Léon turned two on October 15th. He celebrated his birthday with his family in Penvénan in the Côtes-d’Armor. A birthday with a taste of victory for this little boy and his parents. Because he suffers from a serious genetic disease: spinal muscular atrophy. And two years is an age that he could not have reached without the injection of a drug discovered thanks to research related to the Telethon.
Laurane Mirzin will run on Saturday 3 December in Plouider, Finistère, for the Telethon. Léon’s mother didn’t want to miss the opportunity, for her son and for all the other patients, like him. An occasion also for her to thank doctors and researchers.

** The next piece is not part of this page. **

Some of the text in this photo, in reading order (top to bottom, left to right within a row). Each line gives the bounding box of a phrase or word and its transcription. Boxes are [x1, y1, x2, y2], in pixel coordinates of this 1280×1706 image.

In February 2021, his son Léon was 4 months old when doctors diagnosed him with spinal muscular atrophy. At that time, his health worsened: he lost muscle strength. Two months later, Laurane and her husband agree that their child will benefit from the first available cure for this disease: a gene therapy drug, a synthetic gene. “It’s a single shot“explains his mother Laurane, an injection that will change her son’s life.
Before the treatment, Léon no longer moved his arms or feet, he no longer turned his head. And the summer after the injection, he started throwing his arms like a child his age
Laurane Mirzin, mother of Leon
Leon is fine today. He holds his head, he can sit up, he starts moving his legs. The child is being followed by the medical team of the Trestel rehabilitation centre. He sees a physical therapist, an occupational therapist and makes progress.

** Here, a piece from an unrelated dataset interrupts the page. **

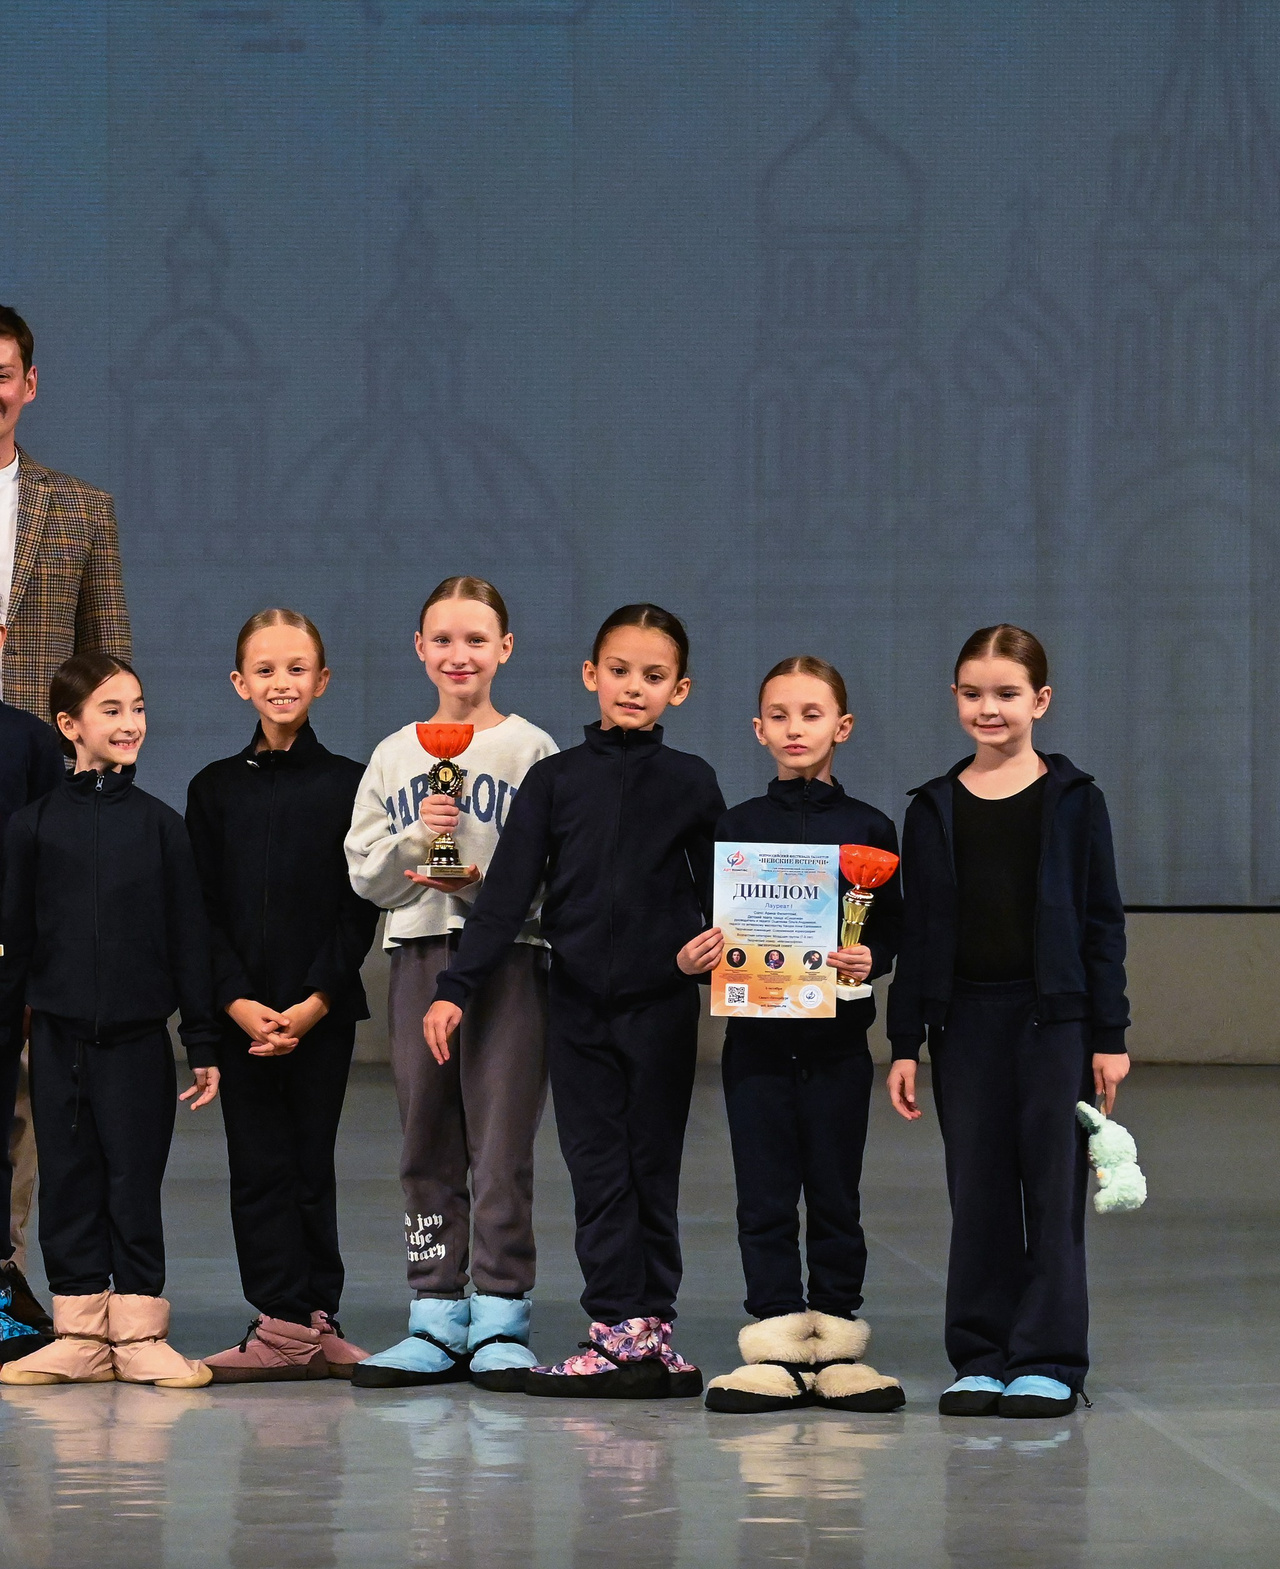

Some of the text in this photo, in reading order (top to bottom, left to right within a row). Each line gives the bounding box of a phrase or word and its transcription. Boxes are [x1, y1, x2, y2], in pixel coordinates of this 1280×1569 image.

He wears a corset, sleeps on a special mattress that preserves him and allows him to keep his strength up for the day. He also has an adapter to help him breathe at night. Leon also starts using an electric wheelchair to get around.
“He’s always in a good mood“says his mother.
Spinal muscular atrophy affects between 80 and 100 children a year in France. It leads to premature death of motor neurons and motor loss. The muscles of the pelvis, lungs, trunk, arms and legs are loosened.
There are several types of spinal muscular atrophy, ranging from types 0 to 4. They are all rare genetic disorders that affect nerve cells. These pathologies can, as with Leon, begin at birth, but sometimes occur in childhood or even in adulthood.
The gene therapy drug that saves these patients was developed, according to Telethon, in the laboratories of Généthon, created in Évry-Courcouronnes by the AFM Téléthon association in 1990.
Gene therapy against spinal muscular atrophy was the first to be marketed, in 2019. It was yesterday and this drug has already saved dozens of children, like Léon.
The Telethon will take place next weekend. The official launch will take place on Friday 2 December at 18:40 on France 2 with Kev Adams, the godfather, Sophie Davant, Nagui and Cyril Féraud.
There will also be thousands of demonstrations, challenges and field activities with highlights in four cities across France where more than 200,000 volunteers and millions of participants are expected: Dijon (Côte-d’Or), Lorient (Morbihan), Guebwiller (Haut – Rhine) and Cassis (Bouches du Rhône).
Last year, all the shares and donations made it possible to raise 85.93 million euros.